#### WORK TO COMPLETE
When you repeat the entries below, please keep them exact and leave out the pictures.

#### MATERIAL SUPPLIED
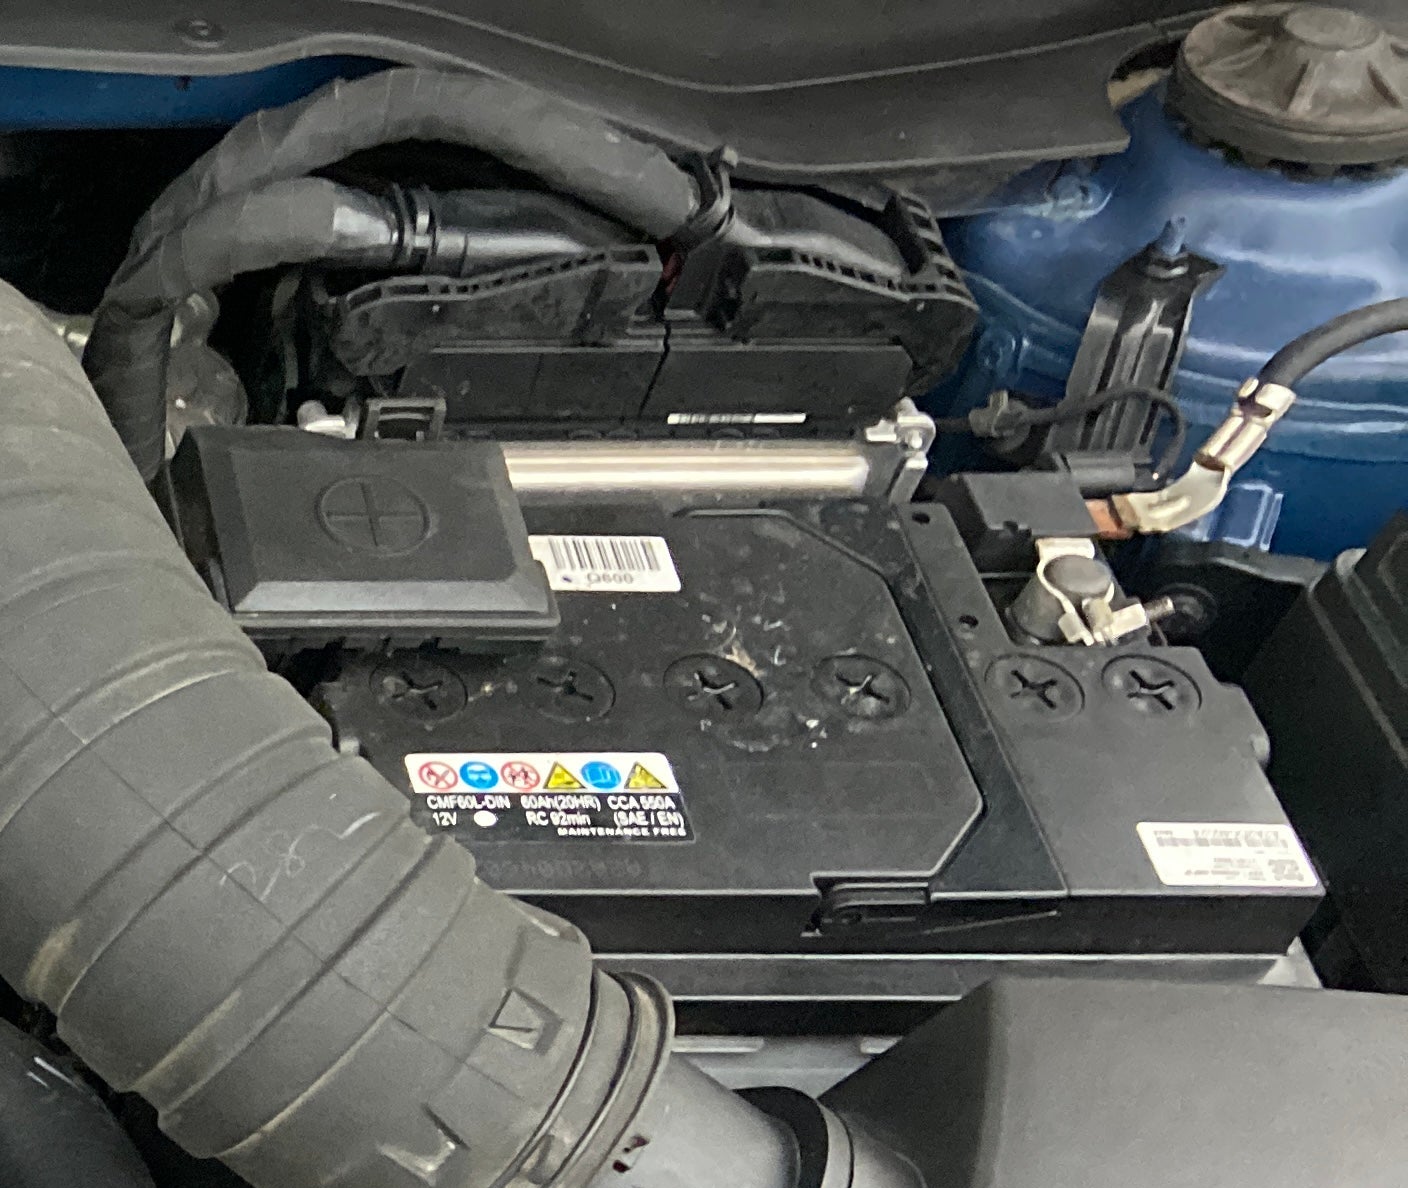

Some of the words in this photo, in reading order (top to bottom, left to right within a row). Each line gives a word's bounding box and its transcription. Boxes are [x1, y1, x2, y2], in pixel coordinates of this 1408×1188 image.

[608, 795, 640, 809] CCA
[432, 812, 457, 826] 12V
[525, 812, 548, 826] RC
[557, 827, 650, 837] MAINTENANCE
[651, 827, 686, 837] FREE
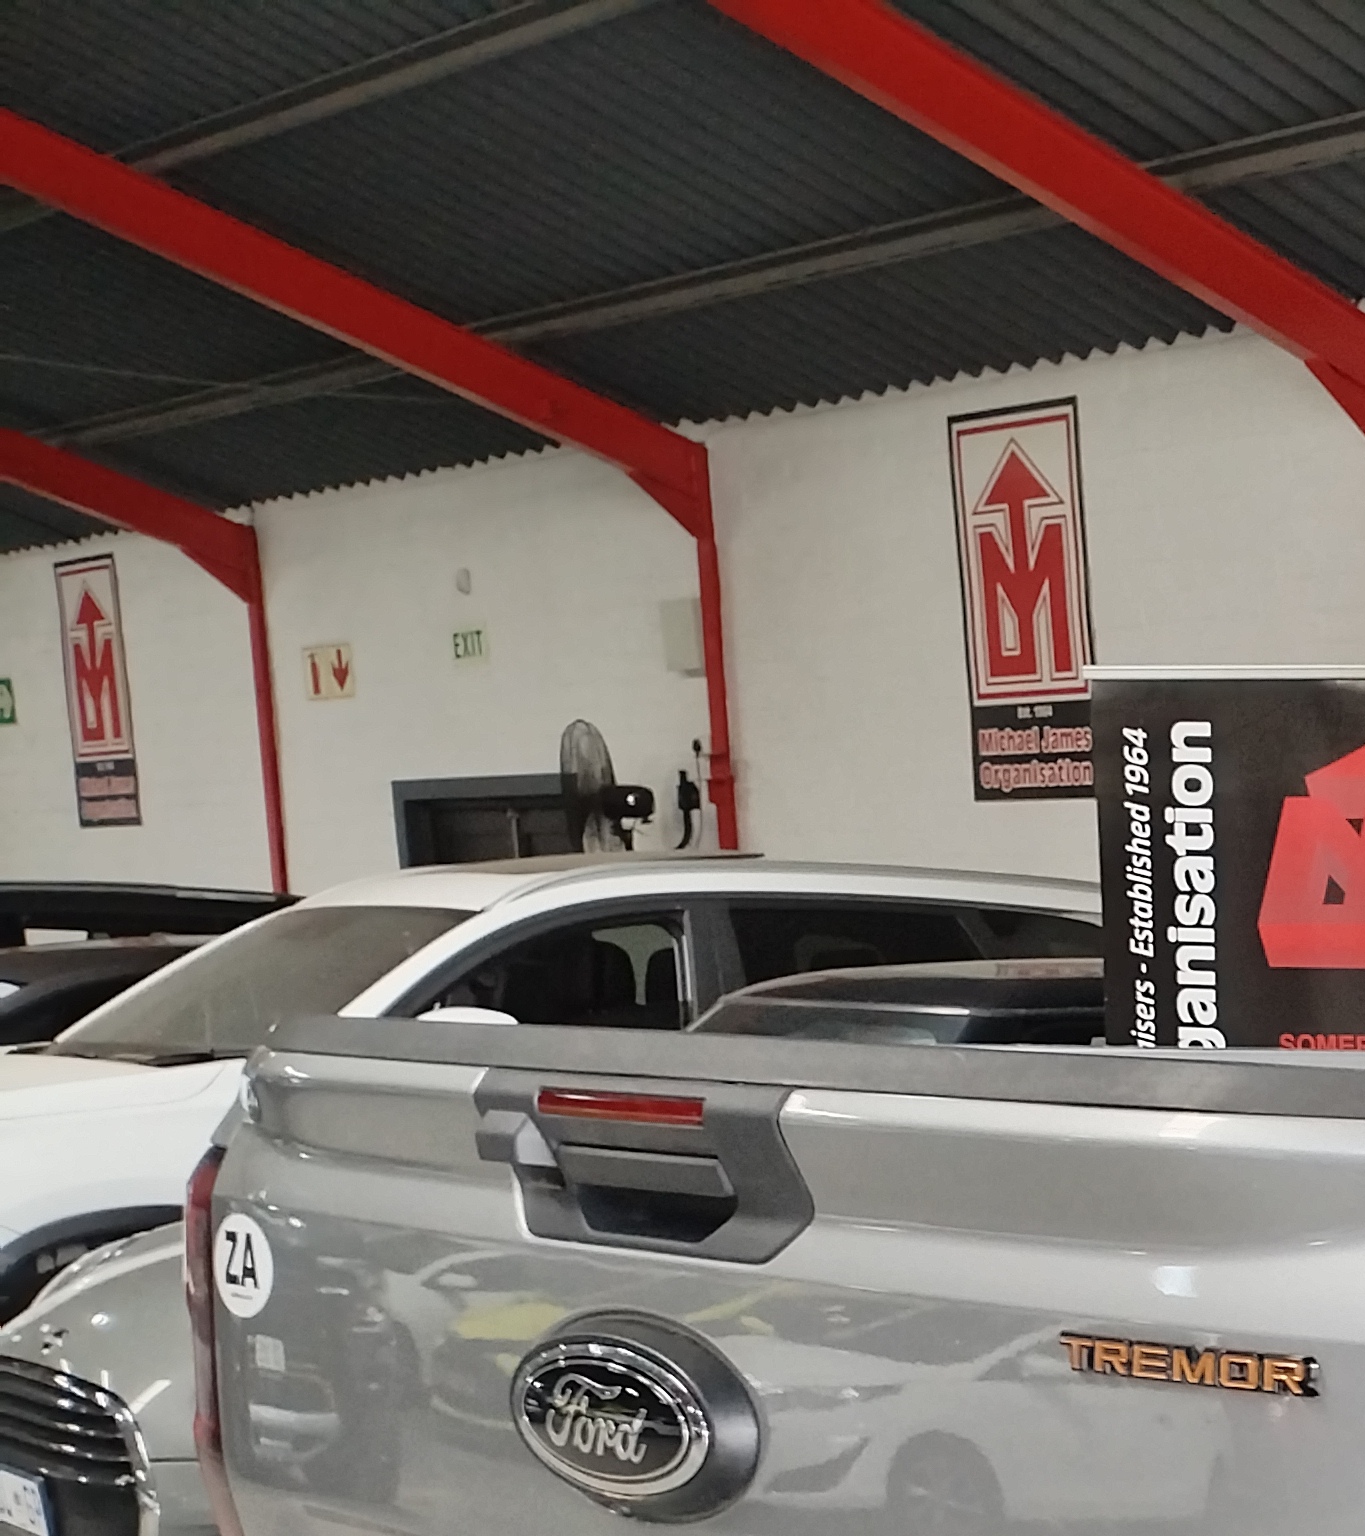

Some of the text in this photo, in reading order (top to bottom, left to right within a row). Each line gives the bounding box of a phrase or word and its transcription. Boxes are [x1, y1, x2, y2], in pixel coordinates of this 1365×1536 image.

[453, 630, 482, 658] EXIT
[978, 725, 1093, 756] Michael James
[1122, 727, 1150, 796] 1964
[979, 758, 1094, 792] Organisation
[1123, 801, 1154, 957] Established
[225, 1230, 260, 1290] ZA
[1059, 1330, 1320, 1396] TREMOR
[545, 1372, 649, 1464] Ford
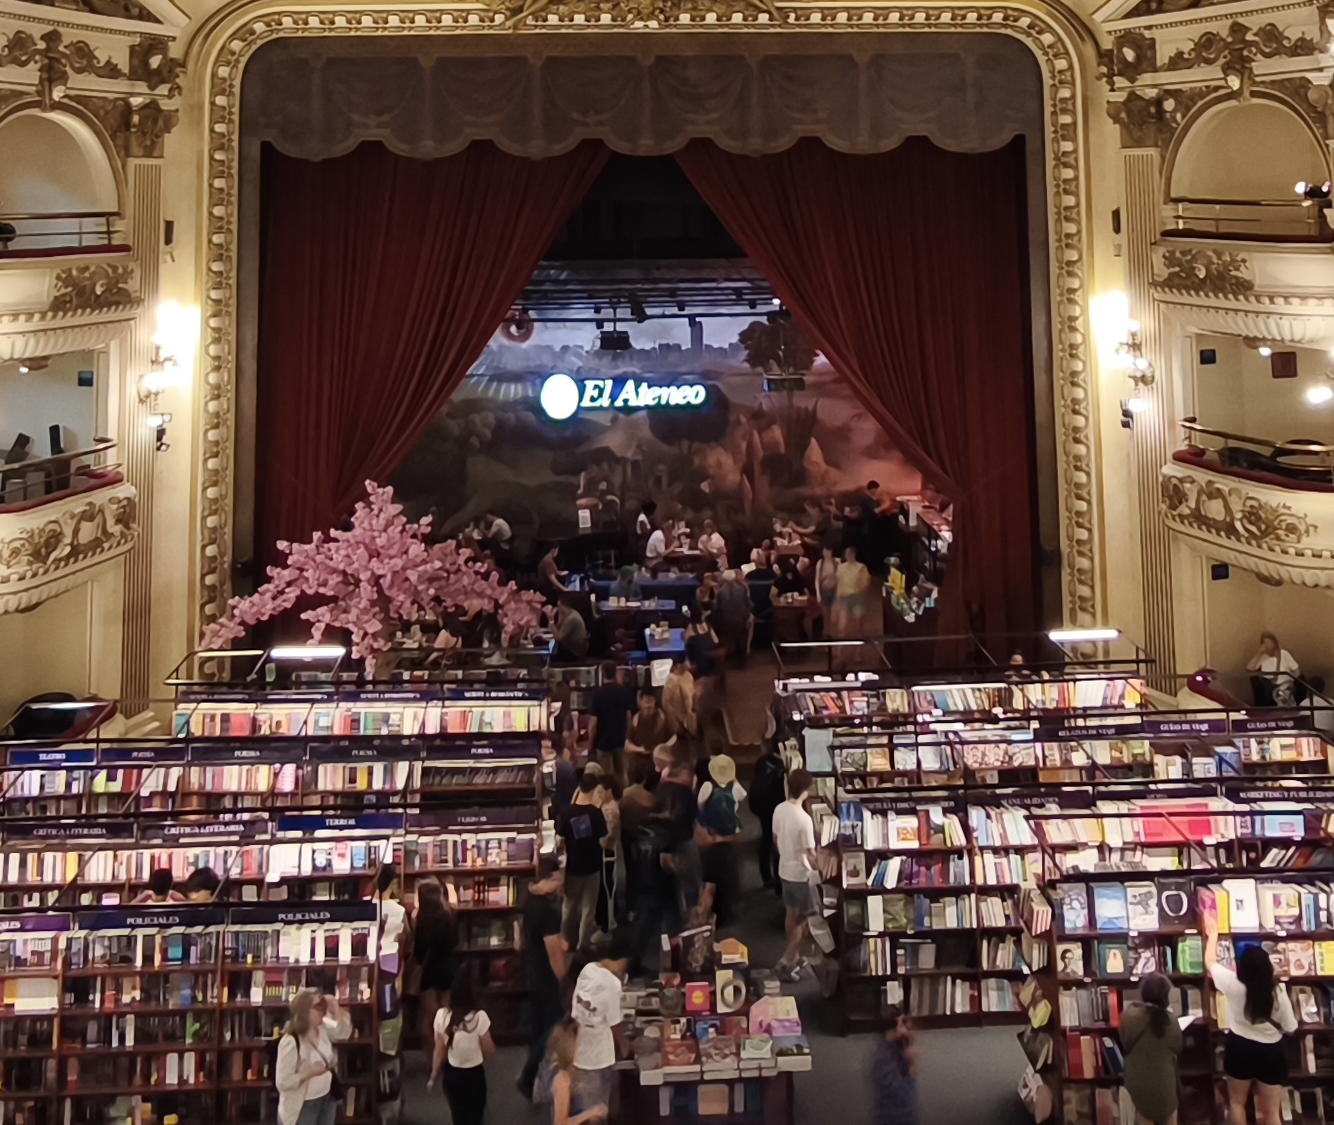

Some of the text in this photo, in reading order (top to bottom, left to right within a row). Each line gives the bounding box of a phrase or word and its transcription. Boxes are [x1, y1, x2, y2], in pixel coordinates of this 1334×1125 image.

[579, 378, 707, 407] El Ateneo
[126, 916, 180, 925] POLICIALES
[278, 911, 331, 921] POLICIALES
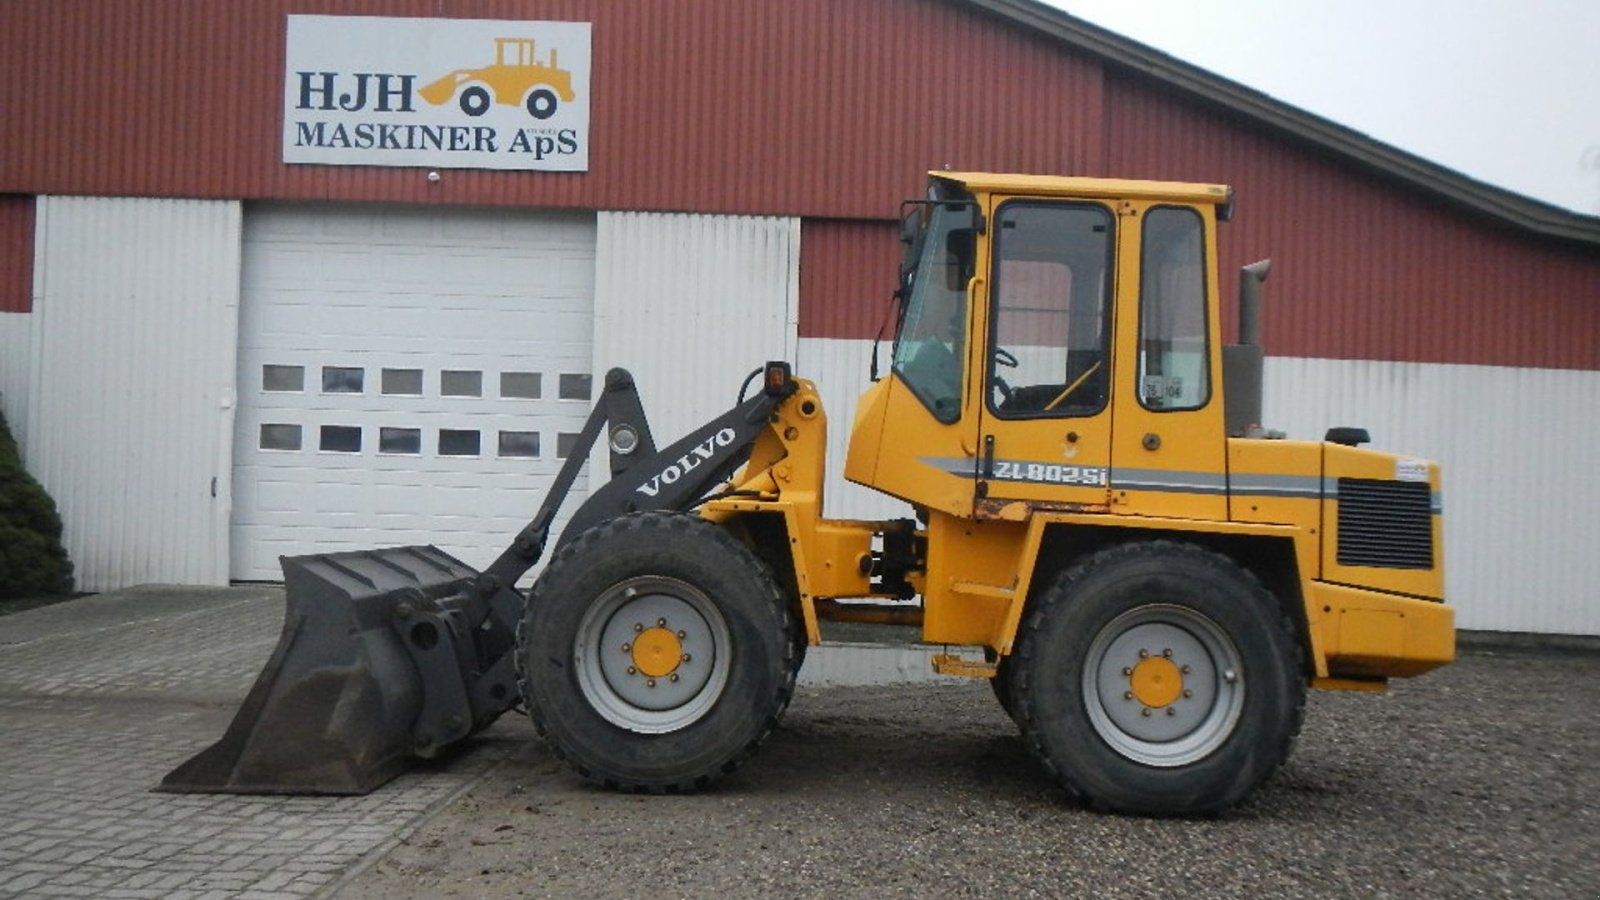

#### TASK RESPONSE
Some of the words in this photo, in reading order (top to bottom, left to right within a row). Each line gives a word's bounding box and its transcription. Boxes are [x1, y1, x2, y2], in pixel coordinates of this 1408×1188 image.

[608, 795, 640, 809] CCA
[432, 812, 457, 826] 12V
[525, 812, 548, 826] RC
[557, 827, 650, 837] MAINTENANCE
[651, 827, 686, 837] FREE

Some of the text in this photo, in reading order (top to bottom, left to right within a row). Each line gives the bounding box of a phrase or word and its transcription. Boxes are [x1, y1, x2, y2], in pixel coordinates of this 1365×1536 image.

[453, 630, 482, 658] EXIT
[978, 725, 1093, 756] Michael James
[1122, 727, 1150, 796] 1964
[979, 758, 1094, 792] Organisation
[1123, 801, 1154, 957] Established
[225, 1230, 260, 1290] ZA
[1059, 1330, 1320, 1396] TREMOR
[545, 1372, 649, 1464] Ford

Some of the text in this photo, in reading order (top to bottom, left to right within a row). Each line gives the bounding box of a phrase or word and its transcription. Boxes are [x1, y1, x2, y2], in pixel coordinates of this 1334×1125 image.

[579, 378, 707, 407] El Ateneo
[126, 916, 180, 925] POLICIALES
[278, 911, 331, 921] POLICIALES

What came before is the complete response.